● Work to complete
All pictures must be dropped, while the entries are given again word for word.

Images for object localization
________________________

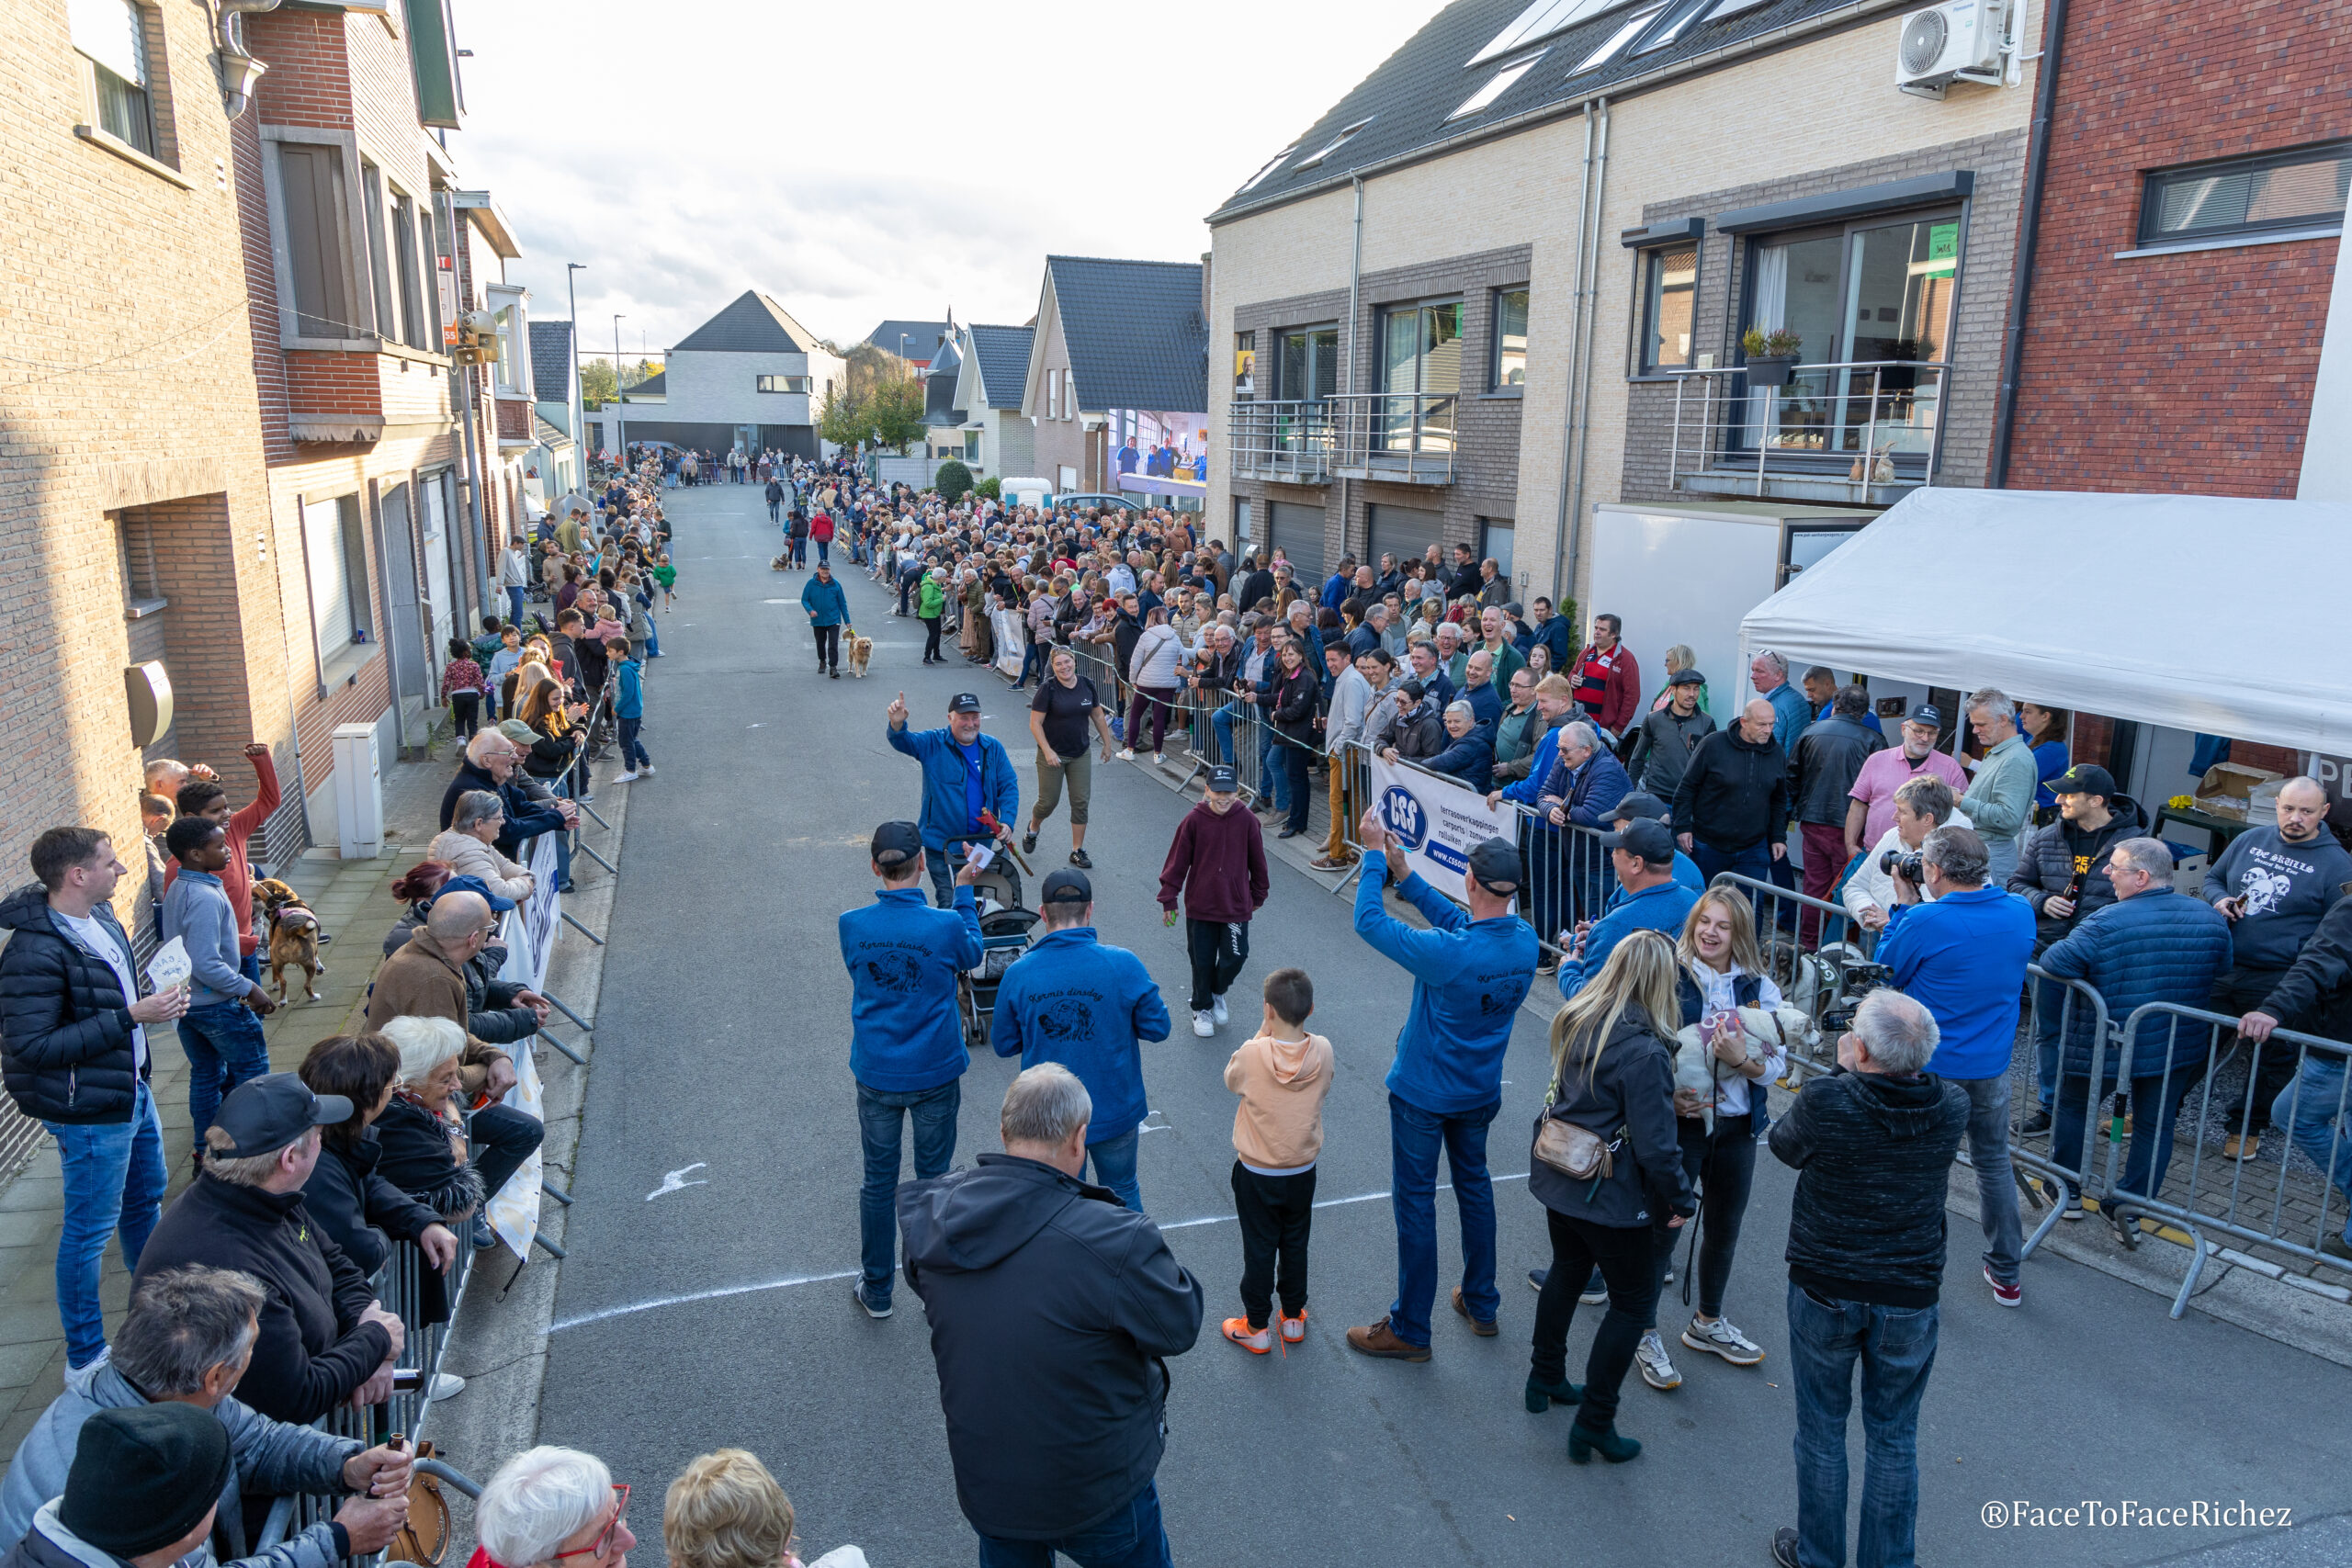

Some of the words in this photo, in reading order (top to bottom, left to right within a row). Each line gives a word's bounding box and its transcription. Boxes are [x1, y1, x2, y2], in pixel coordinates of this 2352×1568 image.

[1390, 792, 1418, 835] CSS
[1440, 805, 1499, 834] terrasoverkappingen
[1438, 830, 1462, 846] rolluiken
[1442, 819, 1465, 835] carports
[1433, 849, 1467, 871] www.cssout

________________________

● Task solution
Some of the words in this photo, in reading order (top to bottom, left to right within a row). Each line gives a word's bounding box and its transcription. Boxes are [x1, y1, x2, y2], in pixel coordinates of this 2352×1568 image.

[1390, 792, 1418, 835] CSS
[1440, 805, 1499, 834] terrasoverkappingen
[1438, 830, 1462, 846] rolluiken
[1442, 819, 1465, 835] carports
[1433, 849, 1467, 871] www.cssout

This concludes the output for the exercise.